> **YOUR OBJECTIVE**
Return the listing below unchanged, except that the pictures are dropped.

> **SUPPLIED MATERIAL**

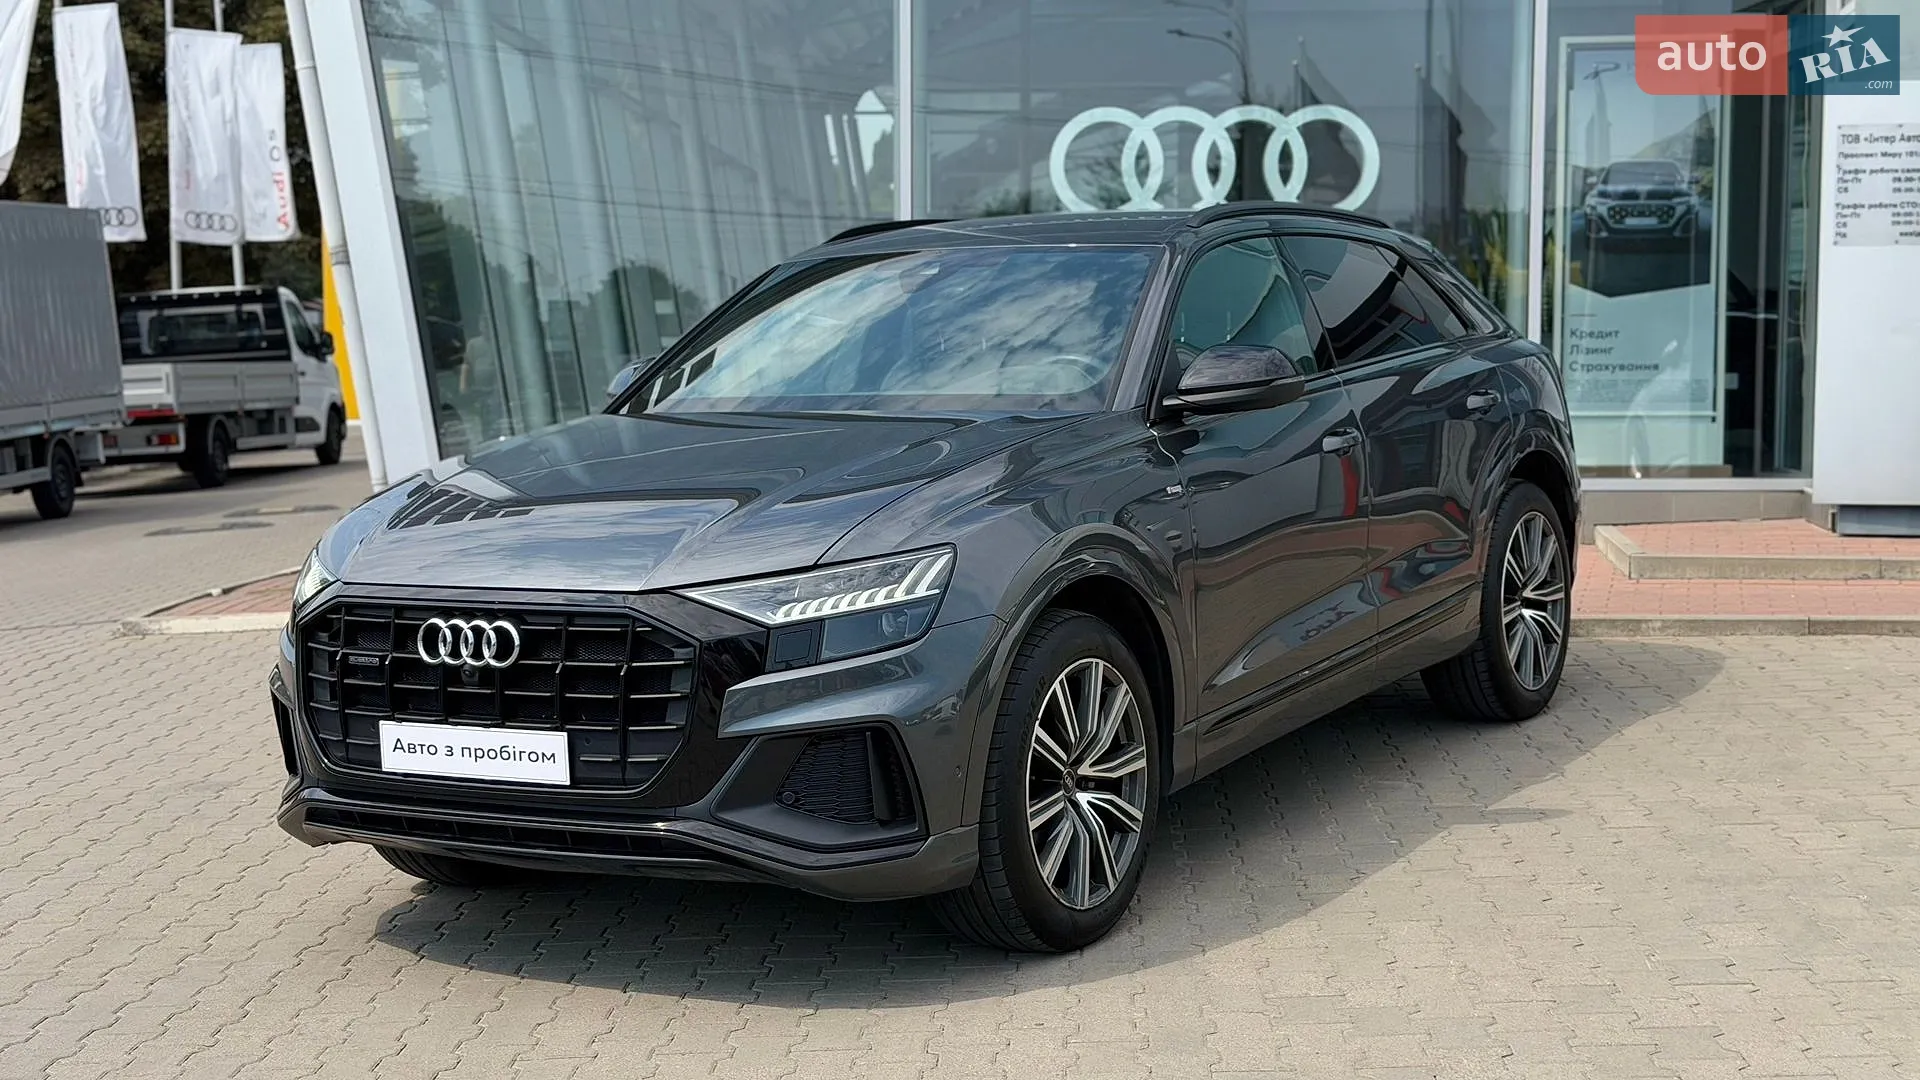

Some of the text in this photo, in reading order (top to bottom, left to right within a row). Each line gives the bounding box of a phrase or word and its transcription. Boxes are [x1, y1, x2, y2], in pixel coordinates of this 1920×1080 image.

[1841, 134, 1860, 144] ТОВ
[271, 171, 290, 229] Audi
[1569, 328, 1620, 340] Кредит
[1569, 361, 1660, 373] Страхування
[392, 737, 557, 764] Авто з пробігом

> **ANSWER AREA**
Some of the text in this photo, in reading order (top to bottom, left to right within a row). Each line gives the bounding box of a phrase or word and its transcription. Boxes are [x1, y1, x2, y2], in pixel coordinates of this 1920×1080 image.

[1841, 134, 1860, 144] ТОВ
[271, 171, 290, 229] Audi
[1569, 328, 1620, 340] Кредит
[1569, 361, 1660, 373] Страхування
[392, 737, 557, 764] Авто з пробігом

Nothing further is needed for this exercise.